# [PROBLEM DETAILS]
Would you transcribe all of the entries that follow, word for word?

Records contained in a dataset:
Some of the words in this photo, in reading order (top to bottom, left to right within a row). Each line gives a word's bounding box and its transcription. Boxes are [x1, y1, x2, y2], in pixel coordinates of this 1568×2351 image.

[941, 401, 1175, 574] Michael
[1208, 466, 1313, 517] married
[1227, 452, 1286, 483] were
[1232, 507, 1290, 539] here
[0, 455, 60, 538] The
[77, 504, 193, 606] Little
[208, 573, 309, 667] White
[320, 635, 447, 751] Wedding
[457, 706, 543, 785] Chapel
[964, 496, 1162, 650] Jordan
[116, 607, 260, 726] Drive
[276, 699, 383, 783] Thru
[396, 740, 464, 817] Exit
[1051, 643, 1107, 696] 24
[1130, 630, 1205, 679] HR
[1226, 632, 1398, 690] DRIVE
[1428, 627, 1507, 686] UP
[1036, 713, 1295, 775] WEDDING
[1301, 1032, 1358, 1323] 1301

# [WRITTEN REPLY]
Some of the words in this photo, in reading order (top to bottom, left to right within a row). Each line gives a word's bounding box and its transcription. Boxes are [x1, y1, x2, y2], in pixel coordinates of this 1568×2351 image.

[941, 401, 1175, 574] Michael
[1208, 466, 1313, 517] married
[1227, 452, 1286, 483] were
[1232, 507, 1290, 539] here
[0, 455, 60, 538] The
[77, 504, 193, 606] Little
[208, 573, 309, 667] White
[320, 635, 447, 751] Wedding
[457, 706, 543, 785] Chapel
[964, 496, 1162, 650] Jordan
[116, 607, 260, 726] Drive
[276, 699, 383, 783] Thru
[396, 740, 464, 817] Exit
[1051, 643, 1107, 696] 24
[1130, 630, 1205, 679] HR
[1226, 632, 1398, 690] DRIVE
[1428, 627, 1507, 686] UP
[1036, 713, 1295, 775] WEDDING
[1301, 1032, 1358, 1323] 1301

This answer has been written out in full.